» **Task description**
Will you output all of the data below exactly, omitting the images?

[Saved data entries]
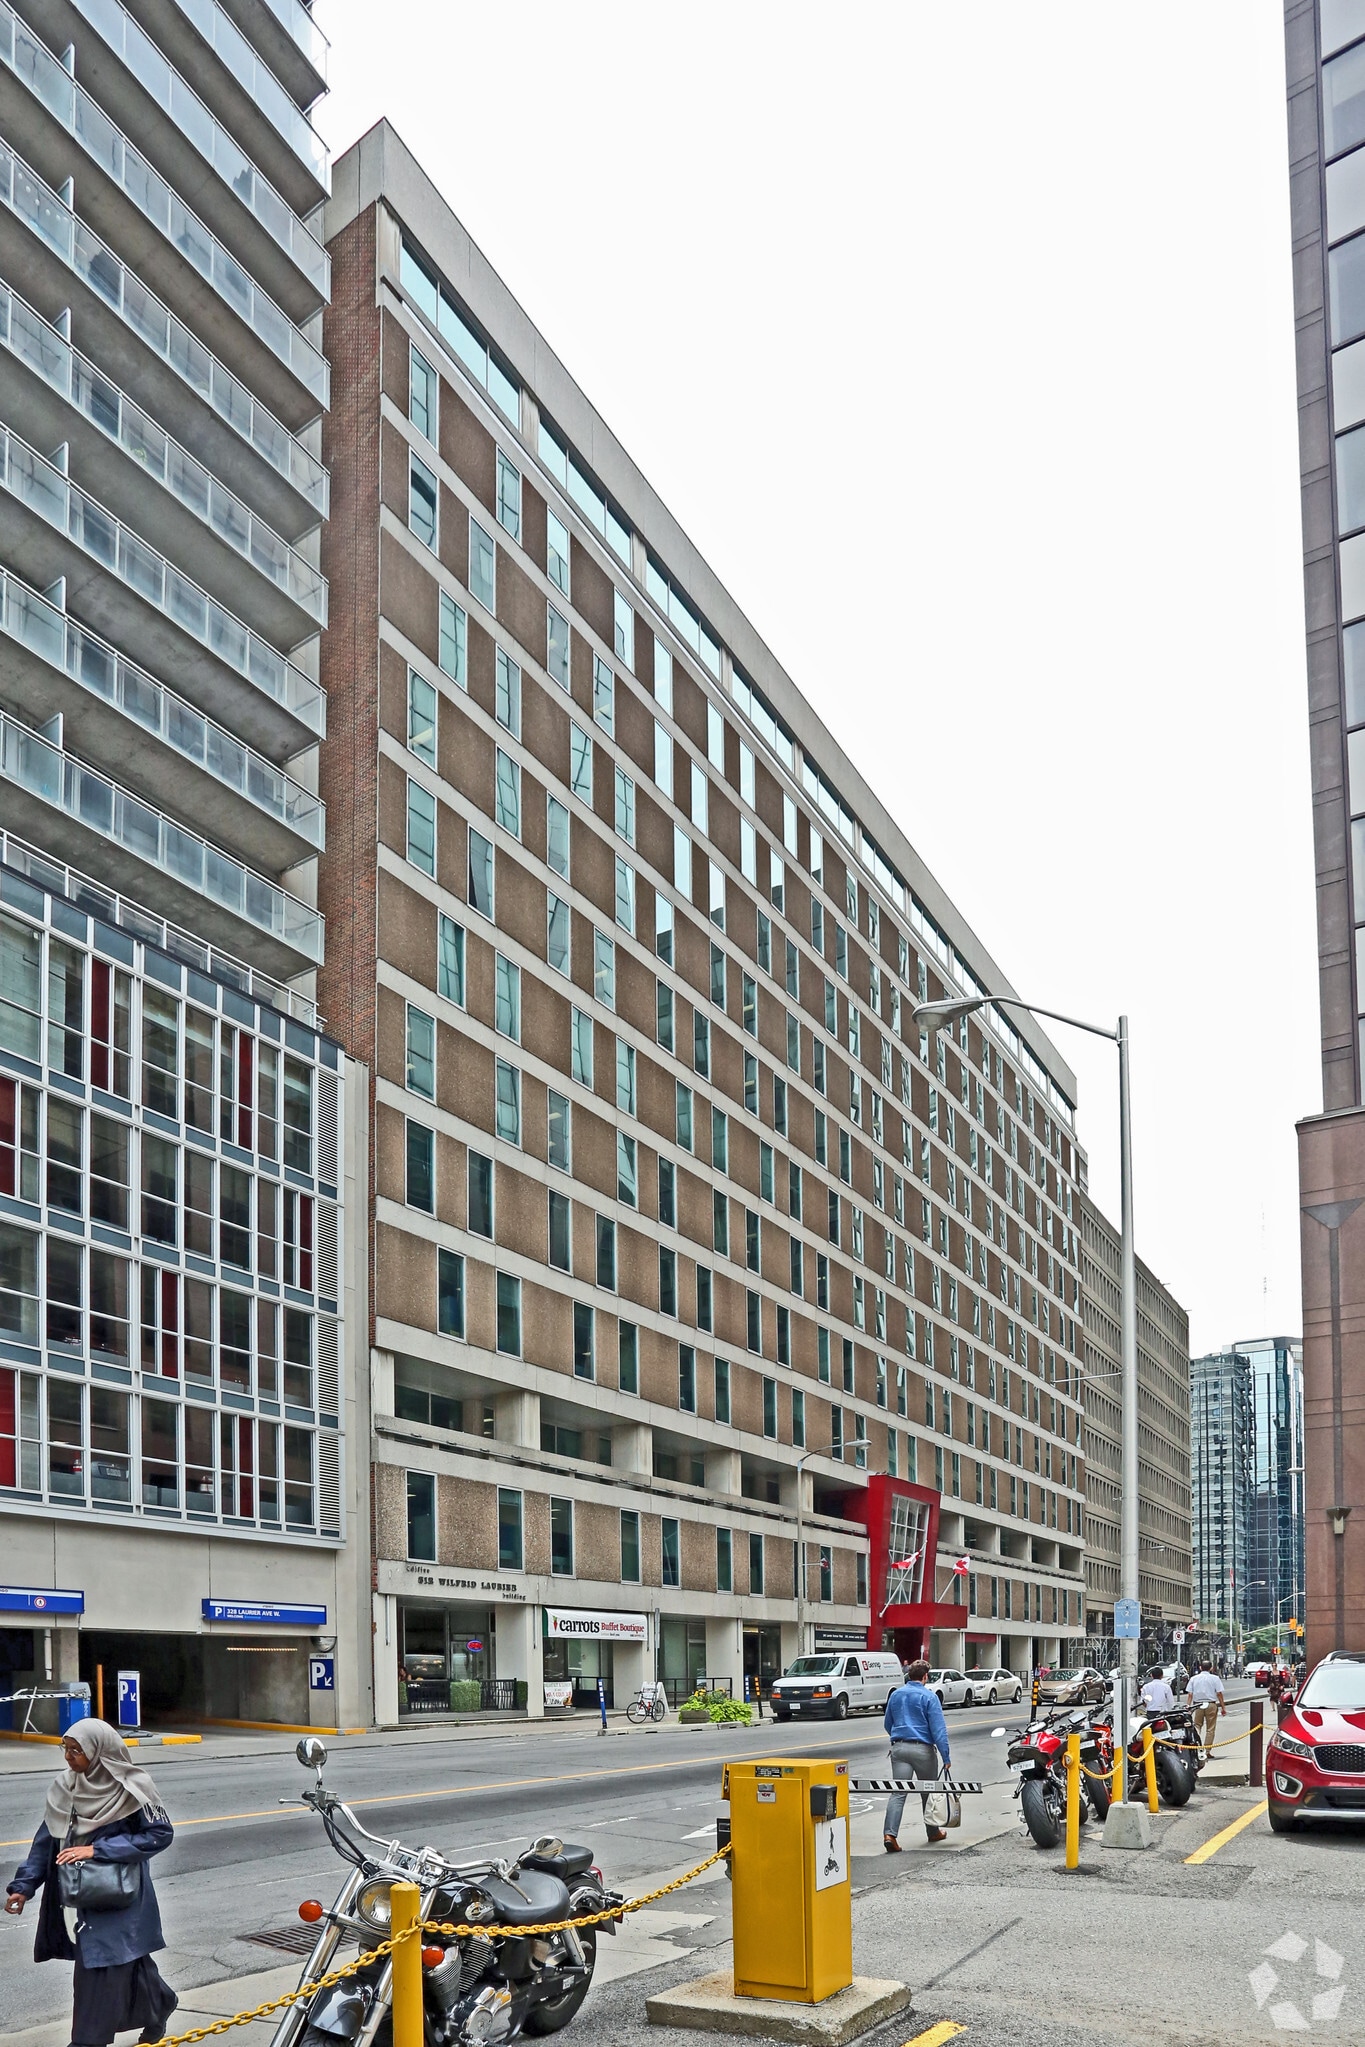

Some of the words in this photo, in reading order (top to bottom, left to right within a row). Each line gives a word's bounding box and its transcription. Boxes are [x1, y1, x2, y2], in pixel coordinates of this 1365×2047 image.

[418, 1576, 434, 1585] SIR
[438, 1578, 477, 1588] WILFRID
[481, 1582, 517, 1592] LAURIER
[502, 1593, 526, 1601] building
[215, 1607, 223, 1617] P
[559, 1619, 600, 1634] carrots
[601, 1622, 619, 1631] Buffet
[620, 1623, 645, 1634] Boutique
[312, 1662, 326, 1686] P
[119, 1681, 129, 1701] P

» **Answer to the exercise**
Some of the words in this photo, in reading order (top to bottom, left to right within a row). Each line gives a word's bounding box and its transcription. Boxes are [x1, y1, x2, y2], in pixel coordinates of this 1365×2047 image.

[418, 1576, 434, 1585] SIR
[438, 1578, 477, 1588] WILFRID
[481, 1582, 517, 1592] LAURIER
[502, 1593, 526, 1601] building
[215, 1607, 223, 1617] P
[559, 1619, 600, 1634] carrots
[601, 1622, 619, 1631] Buffet
[620, 1623, 645, 1634] Boutique
[312, 1662, 326, 1686] P
[119, 1681, 129, 1701] P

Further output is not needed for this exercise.